Work to complete: Every line below must be copied as written, except for pictures.
***** Source data
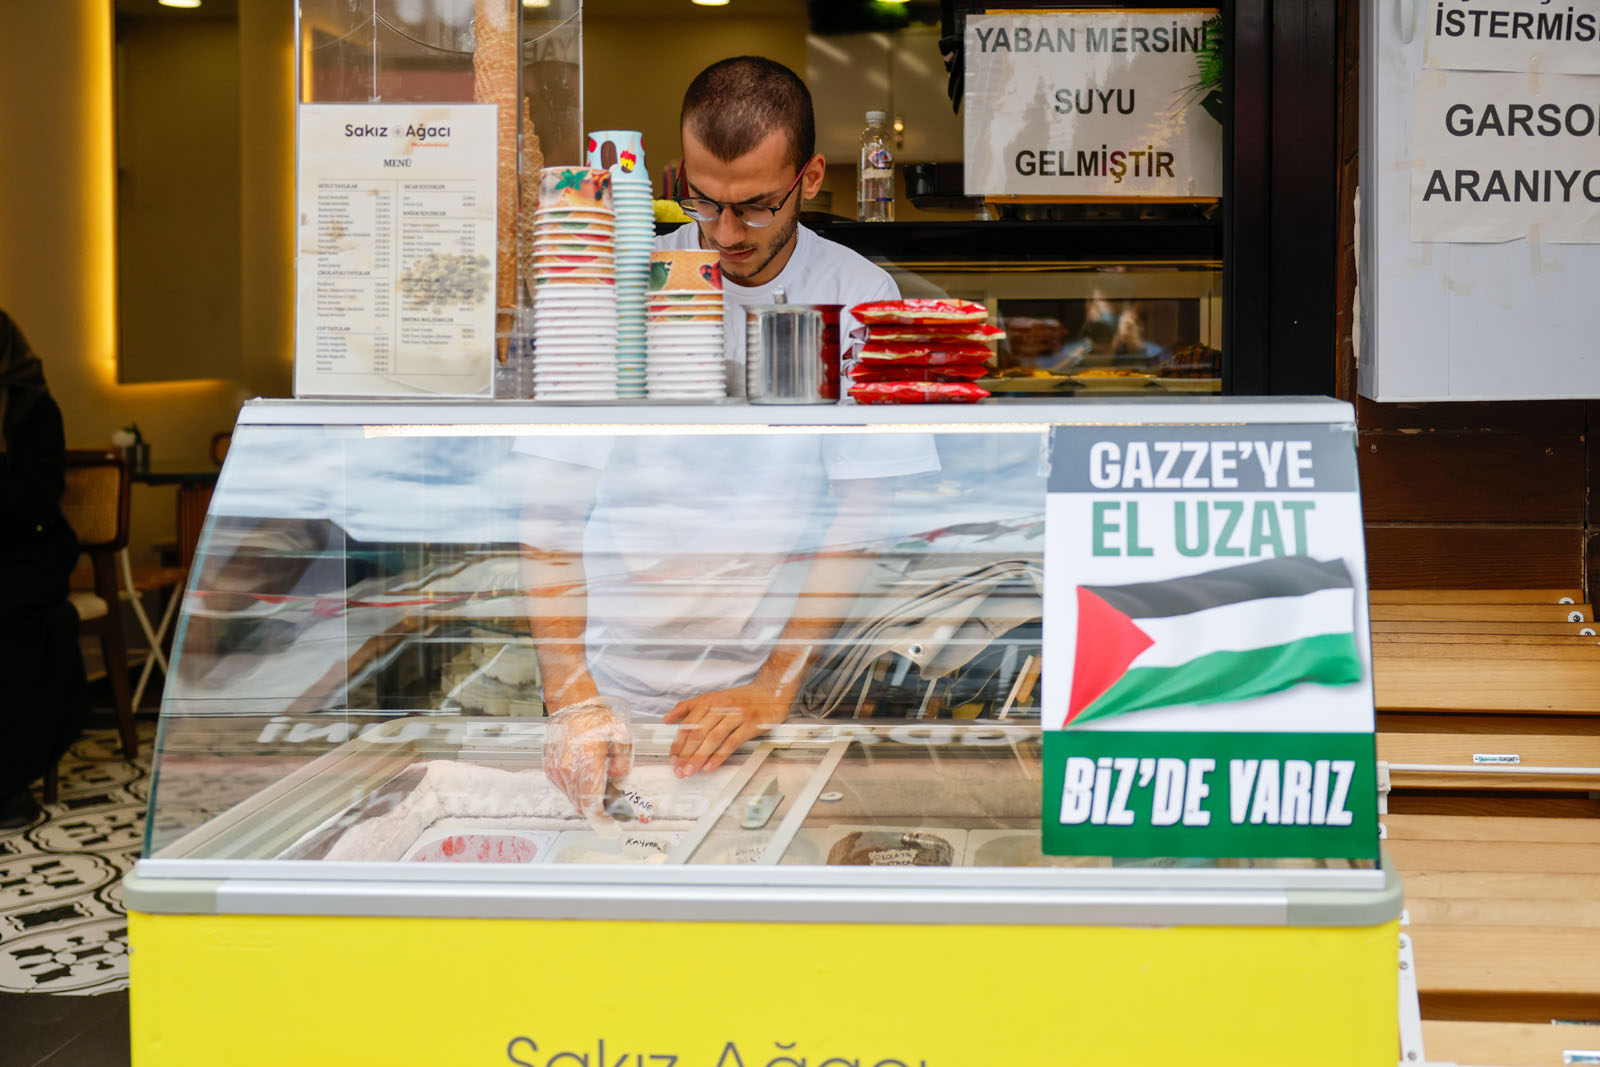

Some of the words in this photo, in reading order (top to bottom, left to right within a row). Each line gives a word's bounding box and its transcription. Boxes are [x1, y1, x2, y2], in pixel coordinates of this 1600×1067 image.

[975, 27, 1077, 53] YABAN
[1435, 2, 1600, 42] İSTERMİS
[1054, 88, 1136, 115] SUYU
[1445, 103, 1600, 137] GARSO
[344, 123, 389, 137] Sakız
[405, 123, 451, 141] Ağacı
[383, 158, 412, 168] MENÜ
[1015, 144, 1176, 184] GELMİŞTİR
[1089, 441, 1315, 489] GAZZE'YE
[1091, 500, 1154, 557] EL
[1173, 500, 1316, 558] UZAT
[1228, 758, 1356, 827] VARIZ
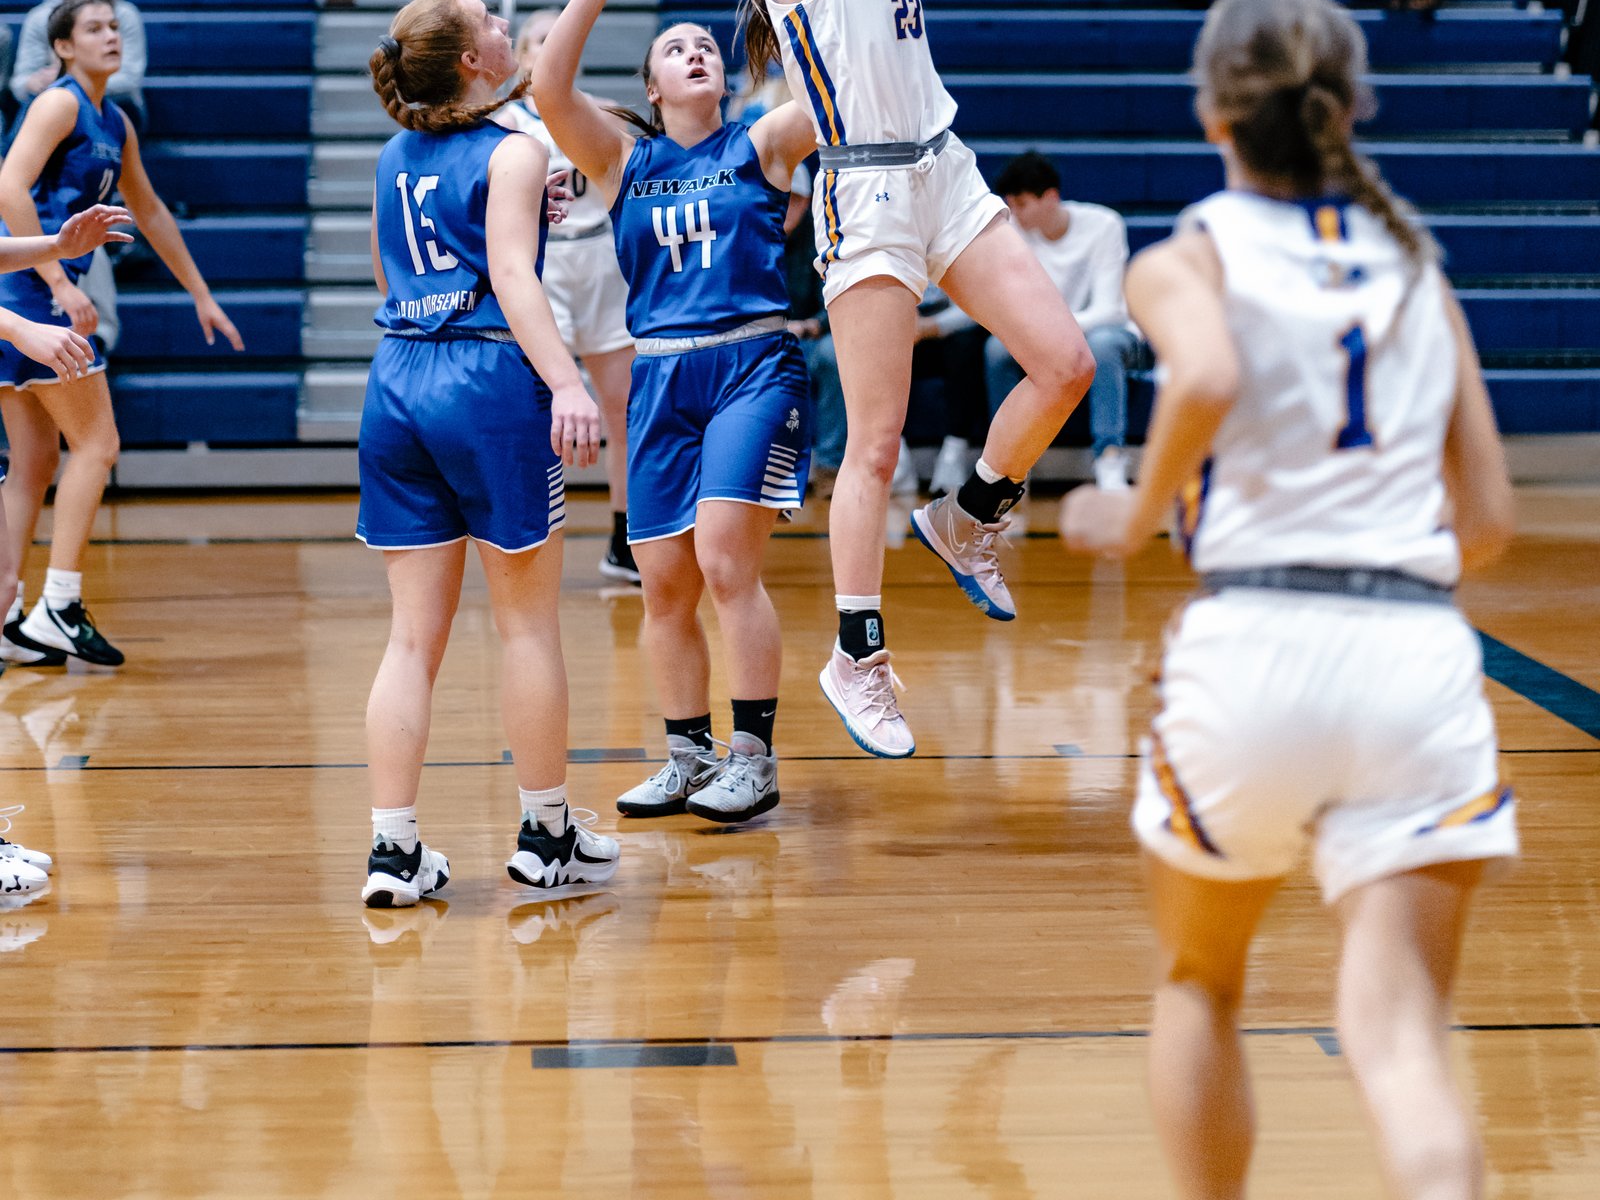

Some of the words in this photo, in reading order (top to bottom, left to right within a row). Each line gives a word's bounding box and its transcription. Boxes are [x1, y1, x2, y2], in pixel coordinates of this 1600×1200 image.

[396, 172, 459, 276] 15
[628, 169, 736, 199] NEWARK
[652, 199, 717, 273] 44
[1333, 321, 1377, 451] 1
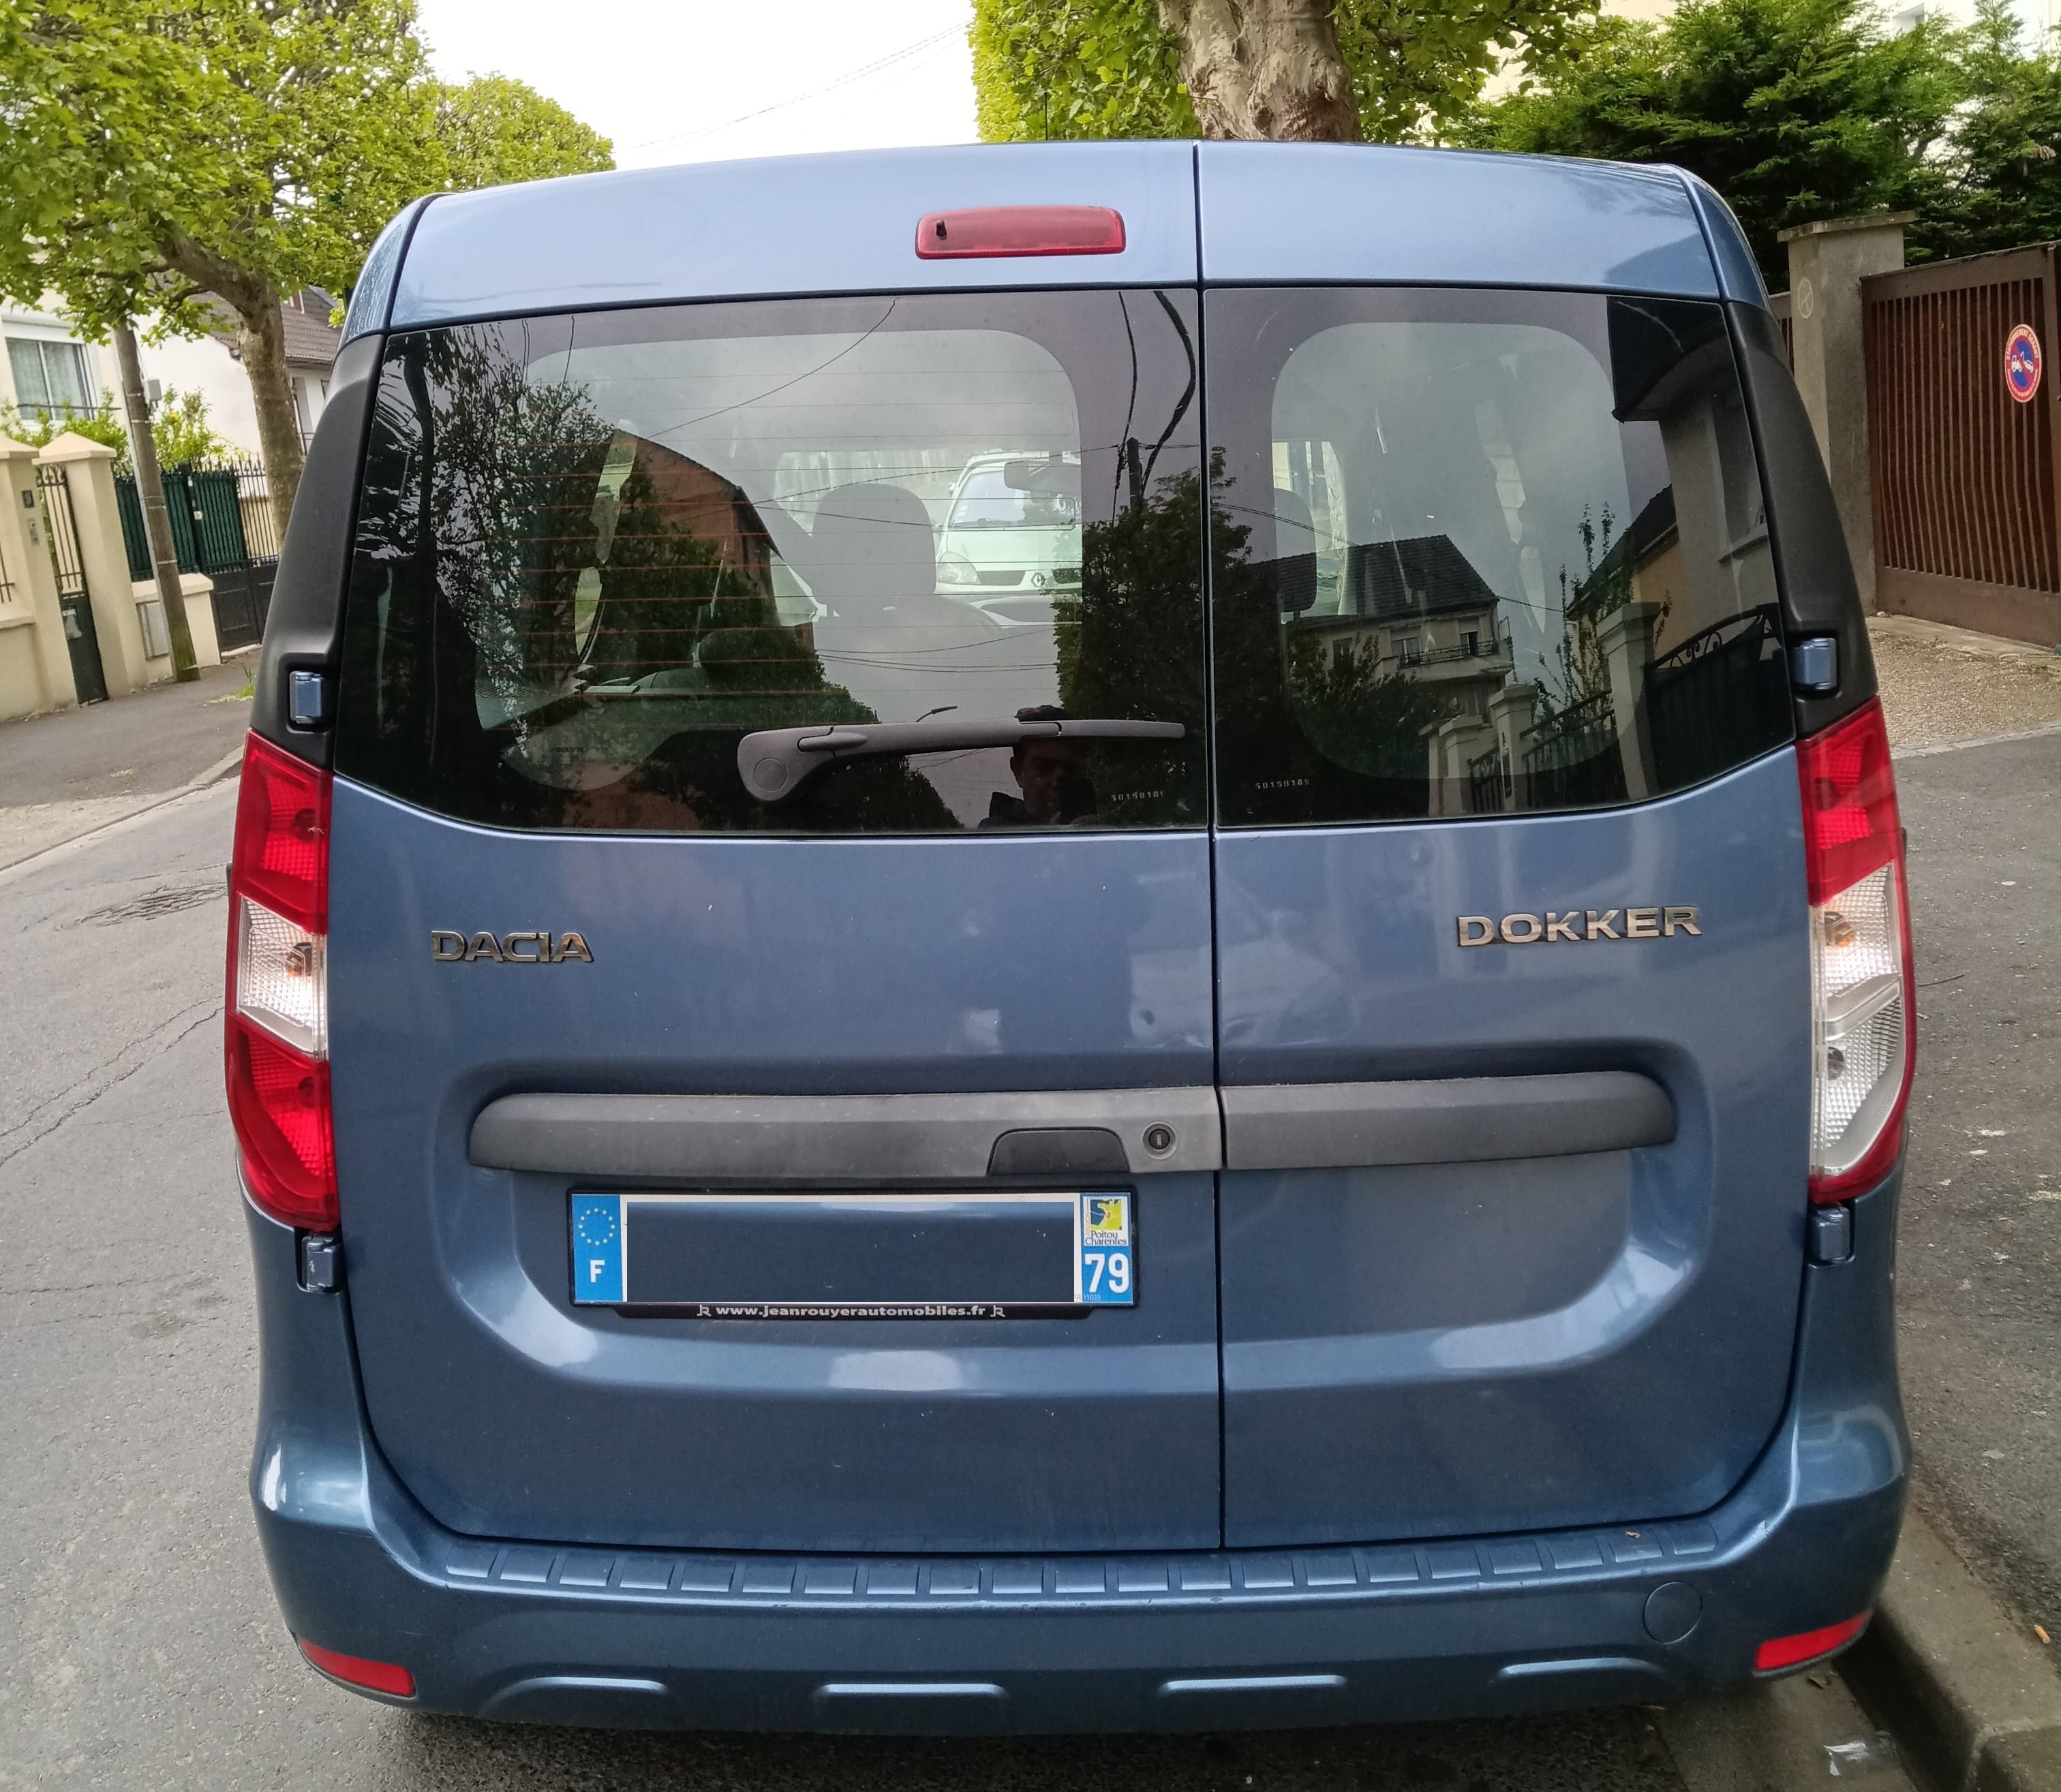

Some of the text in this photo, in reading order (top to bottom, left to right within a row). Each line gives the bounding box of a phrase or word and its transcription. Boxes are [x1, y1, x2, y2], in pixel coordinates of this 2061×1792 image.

[1456, 906, 1703, 946] DOKKER
[431, 931, 594, 962] DACIA
[1085, 1237, 1127, 1246] Charentes
[1090, 1231, 1118, 1239] Poitou
[590, 1260, 605, 1283] F
[1085, 1252, 1129, 1293] 79
[716, 1305, 986, 1317] www.jeanrouyerautomobiles.fr
**********
Task response:
Some of the words in this photo, in reading order (top to bottom, left to right within a row). Each line gives a word's bounding box and its transcription. Boxes are [x1, y1, x2, y2], in pixel coordinates of this 1600×1067 image.

[975, 27, 1077, 53] YABAN
[1435, 2, 1600, 42] İSTERMİS
[1054, 88, 1136, 115] SUYU
[1445, 103, 1600, 137] GARSO
[344, 123, 389, 137] Sakız
[405, 123, 451, 141] Ağacı
[383, 158, 412, 168] MENÜ
[1015, 144, 1176, 184] GELMİŞTİR
[1089, 441, 1315, 489] GAZZE'YE
[1091, 500, 1154, 557] EL
[1173, 500, 1316, 558] UZAT
[1228, 758, 1356, 827] VARIZ

Some of the words in this photo, in reading order (top to bottom, left to right within a row). Each line gives a word's bounding box and its transcription. Boxes are [x1, y1, x2, y2], in pixel coordinates of this 1600×1200 image.

[396, 172, 459, 276] 15
[628, 169, 736, 199] NEWARK
[652, 199, 717, 273] 44
[1333, 321, 1377, 451] 1

Some of the text in this photo, in reading order (top to bottom, left to right within a row). Each line gives the bounding box of a phrase or word and its transcription. Boxes are [x1, y1, x2, y2], in pixel coordinates of this 2061×1792 image.

[1456, 906, 1703, 946] DOKKER
[431, 931, 594, 962] DACIA
[1085, 1237, 1127, 1246] Charentes
[1090, 1231, 1118, 1239] Poitou
[590, 1260, 605, 1283] F
[1085, 1252, 1129, 1293] 79
[716, 1305, 986, 1317] www.jeanrouyerautomobiles.fr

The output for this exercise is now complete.